It may well have been Vallee who invented the idea that a flying saucer ejected this stuff. That would be circa 1998. The contemporary articles don't say anything about a second object dumping this out. Just that a single object was seen falling from the clear sky. And maybe Mike Moore wanted to bring his story into line with that?

The 4 kids in the small car were inventions and Drake called in the hoax report from the middle aged couple. He probably made his voice deeper, slower and pompous, and introduced himself, "Hel-lo. I'm a middle aged solid citizen. And I believe it's my duty to report..."

The lady folk in both cases were not actually involved. Was Mike Moore even present at the scene that night?

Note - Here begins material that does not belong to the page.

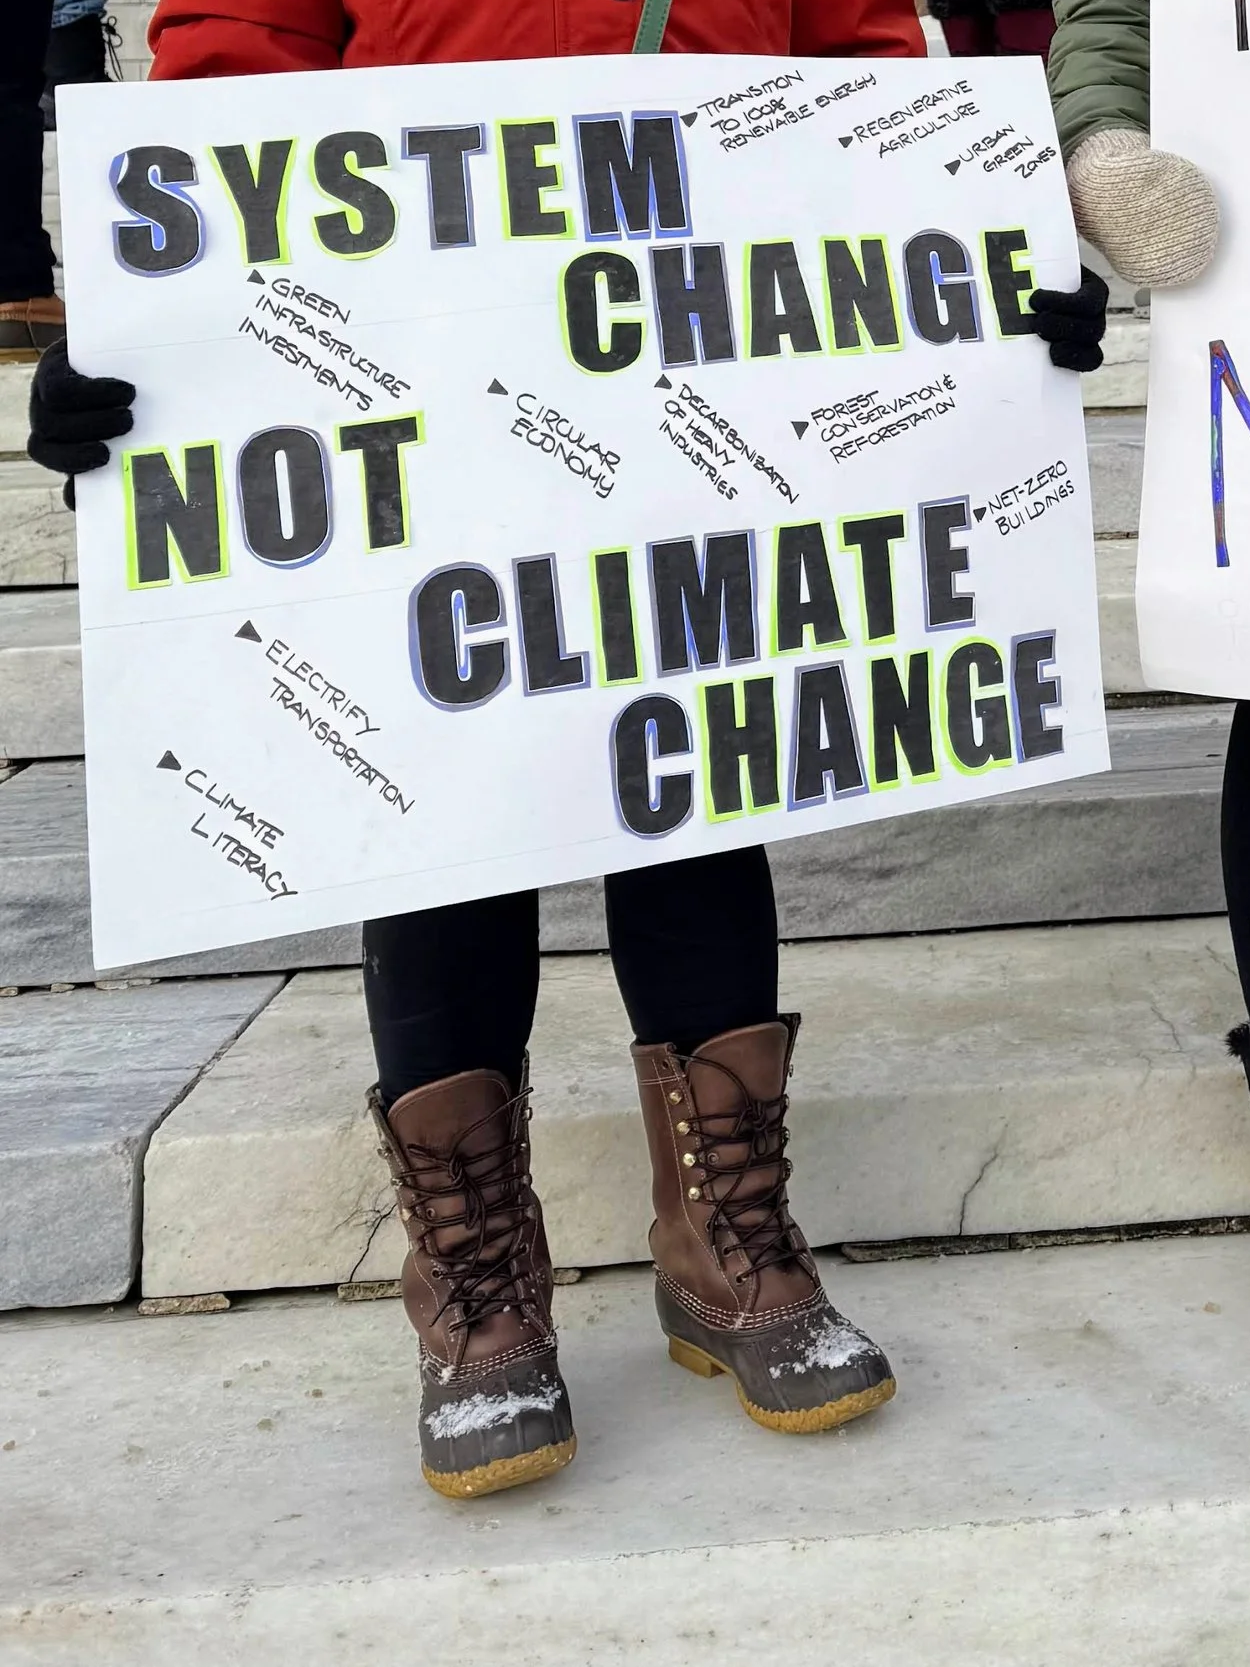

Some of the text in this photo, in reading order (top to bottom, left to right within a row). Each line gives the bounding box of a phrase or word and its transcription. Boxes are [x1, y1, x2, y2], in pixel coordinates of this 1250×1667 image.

The sticking point to me is this: I don't think metallurgists would be fooled into thinking the residue left by the proposed thermite scenario was smelter slag. I think they'd know the difference. There have to be details we don't know about but that they do.

More importantly I don't think the scenario you've described is possible: An uncontained thermite reaction heating 40 pounds of scrap metal on the cold ground? The ground would conduct heat away; the result would be too inconsistent.

Let's try another way.

Some high school kids get their hands on cold smelter slag from across the river in Nebraska. It's slag from a smelter that processes scrapped cars. Not at all hard to do. You can buy the darned stuff.

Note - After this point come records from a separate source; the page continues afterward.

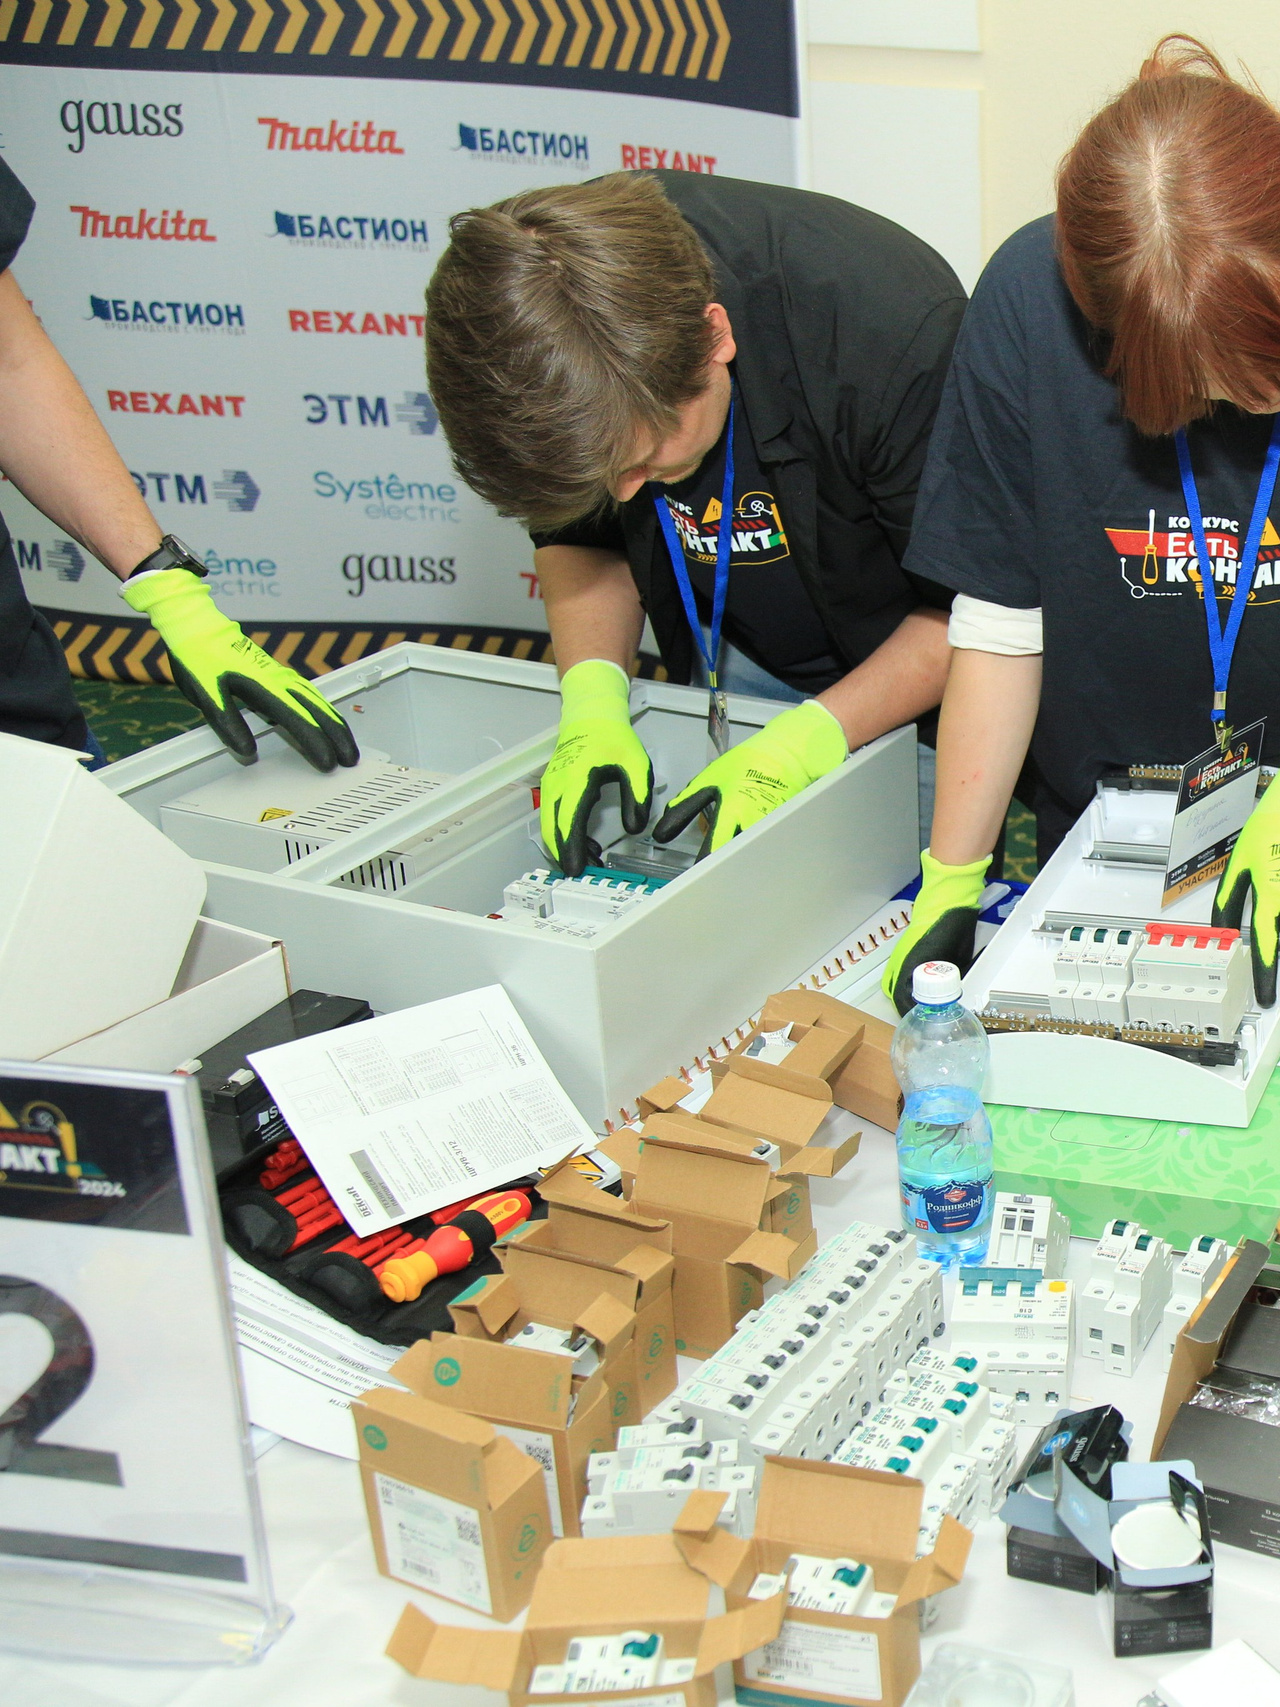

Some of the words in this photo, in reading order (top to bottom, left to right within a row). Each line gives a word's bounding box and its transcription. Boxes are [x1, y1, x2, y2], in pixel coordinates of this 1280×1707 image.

[60, 99, 184, 154] gauss
[258, 117, 404, 155] makita
[479, 127, 589, 161] БАСТИОН
[621, 144, 717, 175] REXANT
[70, 205, 217, 242] makita
[297, 215, 428, 243] БАСТИОН
[112, 300, 244, 327] БАСТИОН
[288, 310, 425, 337] REXANT
[107, 390, 246, 418] REXANT
[304, 394, 390, 427] ЭТМ
[314, 470, 457, 503] Systême
[365, 502, 461, 524] electric
[1168, 516, 1239, 533] КОКУРС
[342, 554, 457, 598] gauss
[1200, 761, 1243, 790] КОНТАКТ
[1243, 761, 1257, 771] 2024
[78, 1178, 127, 1198] 2024
[346, 1186, 371, 1216] DEKraft
[927, 1195, 982, 1212] Родникофф
[232, 1315, 286, 1344] самостоятель
[287, 1352, 314, 1370] строго
[336, 1353, 370, 1372] ЗАДАНИЕ
[1069, 1437, 1088, 1461] gauss

On Saturday night they illicitly use the gas fire furnace in the metal shop of Jefferson High School (founded 1921) at 2501 W Broadway - 3.1 miles and 8 minutes away from 1315 Big Lake Road according to Google Maps.

I'd think there would be more than two kids involved. More like 4. The two kids who called in the hoax were the front men. The younger kid was there because he would be seen as more innocent.

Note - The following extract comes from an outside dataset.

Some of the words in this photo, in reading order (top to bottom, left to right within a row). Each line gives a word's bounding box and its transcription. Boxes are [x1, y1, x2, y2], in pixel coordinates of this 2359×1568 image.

They load a crucible with about 40 pounds of slag and heat it up to about 2,000 F. About the limit for that kind of furnace. The slag won't be molten but it will be plastic and glow red.

Now that we know where the site is the whole game has changed. There is easy access to a road-going motor vehicle. The fact that the stuff was 6 feet down the slope strongly suggests a dumped load from the dirt road on top of the levee. That should be easy to picture.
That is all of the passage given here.